PORTALBERITA.CO.ID - Pesantren Al-Ikhlash berhasil menorehkan prestasi dengan membawa inovasi pendidikan mereka ke kancah internasional. Keberhasilan ini ditandai dengan diterimanya partisipasi mereka dalam forum akademik bergengsi, yaitu Konferensi ASIA-TEFL.

Forum internasional tersebut adalah The Asian Association of Teachers of English as a Foreign Language, yang merupakan wadah penting bagi para pendidik bahasa Inggris di Asia. Kehadiran Pesantren Al-Ikhlash di forum ini membuktikan adanya pengakuan terhadap metode pengajaran yang mereka kembangkan.

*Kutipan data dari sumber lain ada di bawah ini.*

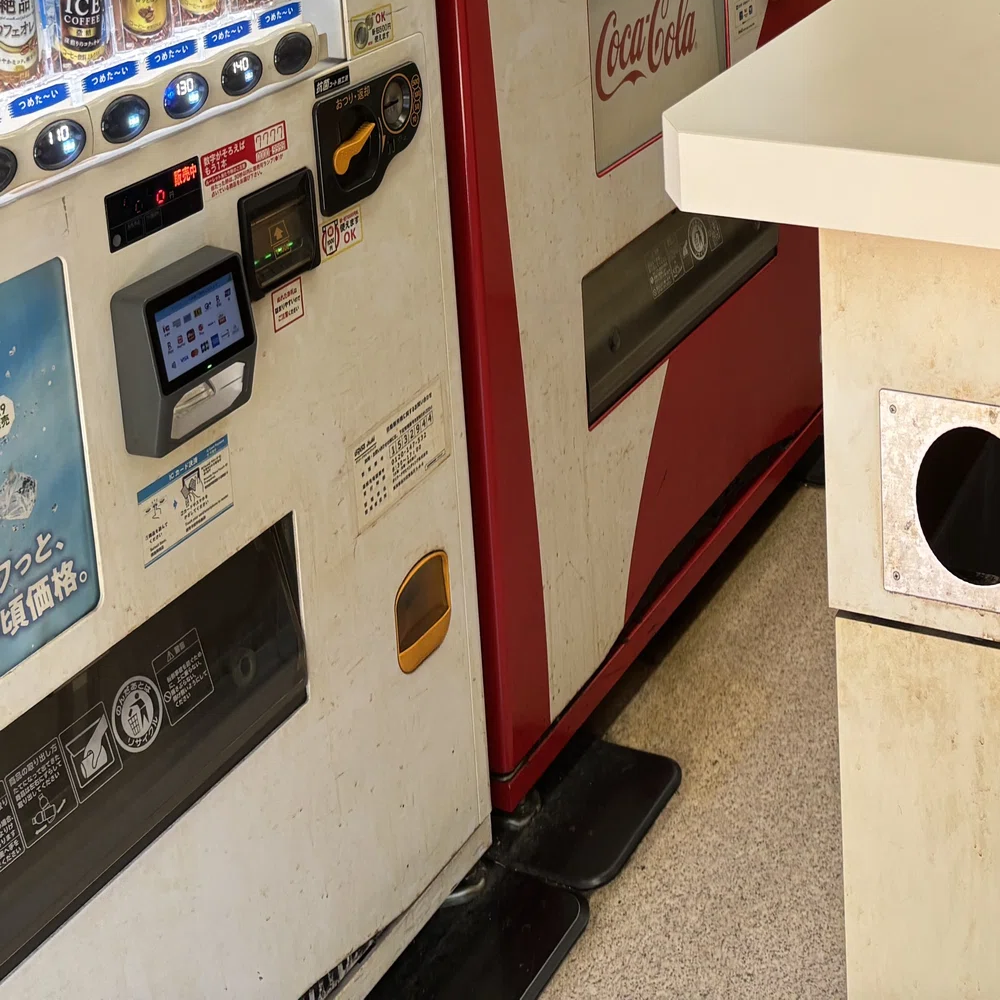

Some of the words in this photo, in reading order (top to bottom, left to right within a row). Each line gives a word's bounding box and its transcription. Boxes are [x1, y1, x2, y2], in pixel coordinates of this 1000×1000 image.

[233, 56, 250, 73] 140
[176, 78, 195, 96] 130
[48, 126, 69, 144] 110
[203, 140, 246, 167] 数字がそろえば
[172, 164, 198, 187] 販売中
[205, 158, 228, 176] もう1本
[343, 227, 357, 244] OK
[115, 682, 152, 717] のんだあとは
[127, 714, 159, 748] リサイクル

Inovasi yang dipamerkan tersebut secara spesifik dirancang untuk mengatasi tantangan umum dalam lingkungan pesantren, yakni kemampuan komunikasi lisan santri. Fokus utama pengembangan metode ini adalah penguasaan bahasa Inggris sebagai alat komunikasi efektif.

Tujuan mendasar dari pengembangan kurikulum baru ini adalah untuk membangun kepercayaan diri para santri. Hal ini dilakukan agar mereka memiliki keberanian yang lebih besar untuk berpartisipasi dalam kegiatan berbicara di depan umum.

Dilansir dari INFOTREN.ID, partisipasi dalam konferensi tersebut merupakan validasi atas upaya keras para pendidik di Al-Ikhlash. Mereka telah berdedikasi untuk menyelaraskan pendidikan agama dengan kebutuhan kompetensi global.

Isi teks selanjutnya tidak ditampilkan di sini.